Richard se esforzó por recordar, pero aquella parte de su vida seguía en tinieblas, olvidada, gracias a Dios, por un fallo de la memoria ocurrido a raíz de una gran tragedia. De pronto recordó que Jane había sido novia de su amigo Simon. Sí, lo había sido, pero en aquel entonces era una chica alegre, vivaz, no la formal y severa solterona en que se había convertido…

–Creo que la ocasión merece un brindis –comentó el doctor Crowther–. ¿Quieres hacer los honores, Richard? Hay una botella ahí, sobre esa mesa…

–Eh… es un poco pronto para mí, señor… er… Robert.

–Bueno, ¿qué te parece entonces una soda? Puedes imaginarte que lleva whisky…

 

 

–Hola, Fiona, ¿qué tal estás? –preguntó Jane al llegar a la consulta, sentándose frente a la paciente.

Jane conocía a Fiona desde que eran niñas: habían asistido juntas a la escuela. Fiona no era de ese tipo de pacientes que llaman constantemente al médico por cualquier cosa. Aquel día no tenía buen aspecto, estaba pálida y tenía ojeras.

–Tengo un dolor de espalda terrible, Jane. Me está matando. Esta mañana no podía ni levantarme de la cama, y Dave ha tenido que ordeñar las vacas solo, cosa que no le ha gustado nada.

–Deja que te examine –contestó Jane ayudándola a levantarse.

Durante el examen, Jane le hizo preguntas tratando de llegar a un primer diagnóstico provisional. Fiona estaba deseosa de contarle todos sus síntomas.
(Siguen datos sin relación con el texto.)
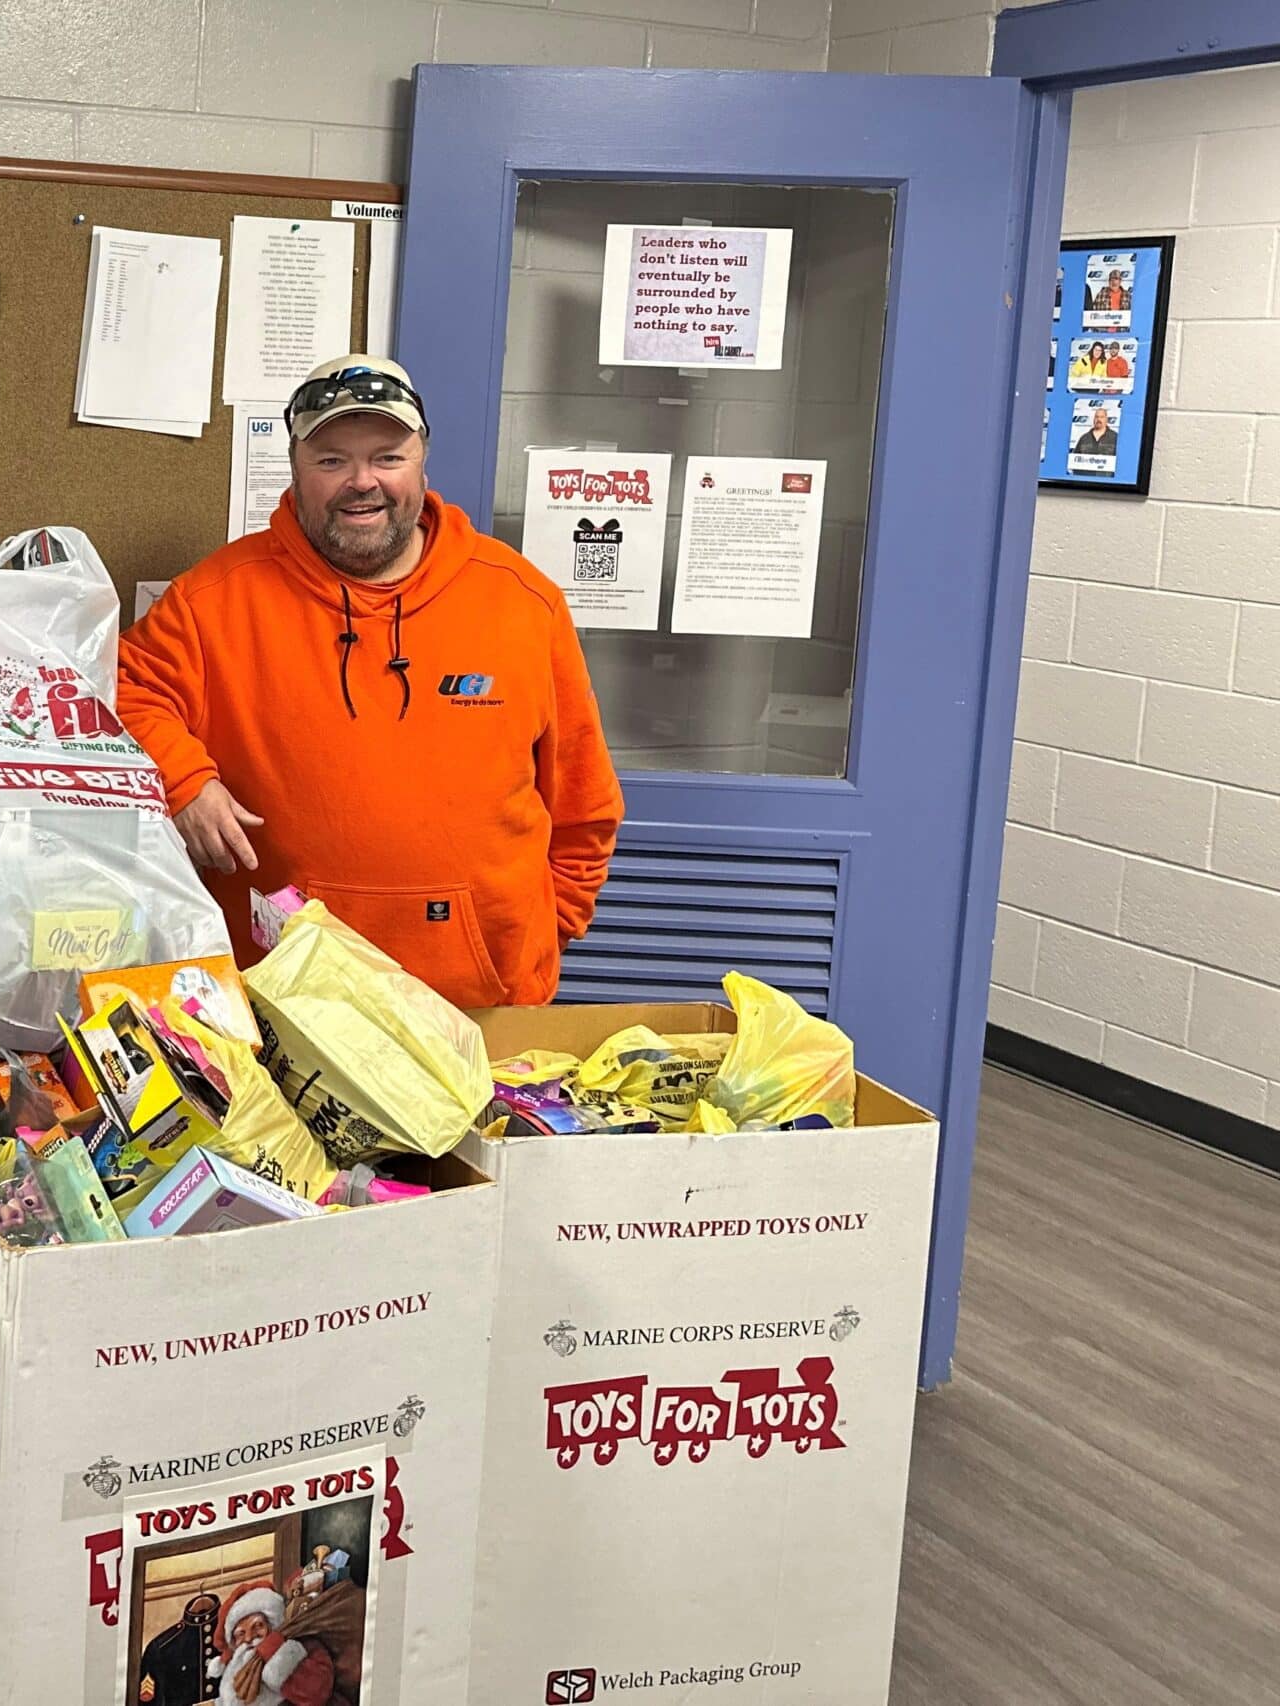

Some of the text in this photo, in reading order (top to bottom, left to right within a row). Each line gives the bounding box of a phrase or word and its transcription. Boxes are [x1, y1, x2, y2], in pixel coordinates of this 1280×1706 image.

[640, 236, 727, 250] Leaders who
[640, 252, 748, 267] don't listen will
[638, 270, 730, 284] eventually be
[636, 287, 736, 302] surrounded by
[635, 304, 750, 316] people who have
[634, 320, 738, 335] nothing to say.
[252, 422, 272, 433] UGI
[552, 474, 645, 496] TOYS FOR TOTS
[726, 487, 773, 497] GREETINGS!
[438, 673, 494, 696] UGI
[450, 698, 471, 706] Energy
[62, 741, 125, 754] GIFTING FOR
[48, 928, 92, 959] Mini
[684, 1061, 693, 1070] ON
[159, 1167, 206, 1219] ROCKSTAR
[557, 1212, 868, 1243] NEW, UNWRAPPED TOYS ONLY
[95, 1292, 433, 1369] NEW, UNWRAPPED TOYS ONLY
[582, 1319, 825, 1347] MARINE CORPS RESERVE
[552, 1389, 826, 1438] TOYS FOR TOTS
[128, 1414, 390, 1486] MARINE CORPS RESERVE
[136, 1466, 375, 1538] TOYS FOR TOTS
[600, 1660, 801, 1693] Welch Packaging Group
–Dices que, hace unas semanas, no pudiste localizarme y que por eso acudiste al servicio médico de Moortown. ¿Le contaste al médico todos esos detalles que acabas de contarme a mí?

–No, no pude hablar con él igual que contigo, Jane. Ya sabes, estas cosas son muy violentas. Le dije simplemente que me dolía la espalda, y él me dio analgésicos. Ni siquiera me examinó, dijo que tenía una visita que hacer… No podía contarle a un extraño que estaba deseando tener un hijo, ni que estaba emocionada porque se me había hinchado el vientre. Pero luego, cuando me llegó la menstruación…

–Bueno, bueno, no te preocupes, ya me lo has contado a mí, Fiona. Voy a llamar a la consulta de Moortown y voy a pedirles que te hagan un análisis completo.

–¿Cuándo?

–Hoy. Necesitas que te vea un especialista. Hay que controlar ese bulto del vientre. ¿Dónde está Dave?

–En el jardín, fumando un cigarrillo. ¿Qué crees que me pasa?

Jane vaciló. Siempre había sido sincera con sus pacientes, pero a veces tenía que enmascarar en cierta forma la verdad, ir paso a paso.

–Creo que ese bulto puede ser algún tipo de quiste. Necesitamos saber de qué clase es y, en caso necesario, extirparlo. Solo en caso necesario, Fiona.

Jane llamó al hospital de Moortown mientras Fiona se vestía.

 

 

–Siento llegar tarde. Fiona Smithson tenía un problema más grave de lo que imaginaba.

Jane se dejó caer en la silla del comedor, a la derecha de su padre. Frente a ella, Richard Montgomery comía sopa. Tuvo la cortesía de dejar la cuchara y sonreír mostrando sus perfectos dientes blancos. Su sonrisa era devastadora. Jane trató de no derretirse. Tenía tanto estrés que, sin darse cuenta, lo miró enfurruñada.

–Siento que hayamos tenido que empezar sin ti, cariño –se disculpó su padre.

La señora Bairstow se apresuró a volver al comedor con la sopera.

–Te he guardado la sopa calentita –dijo llenando el plato de Jane.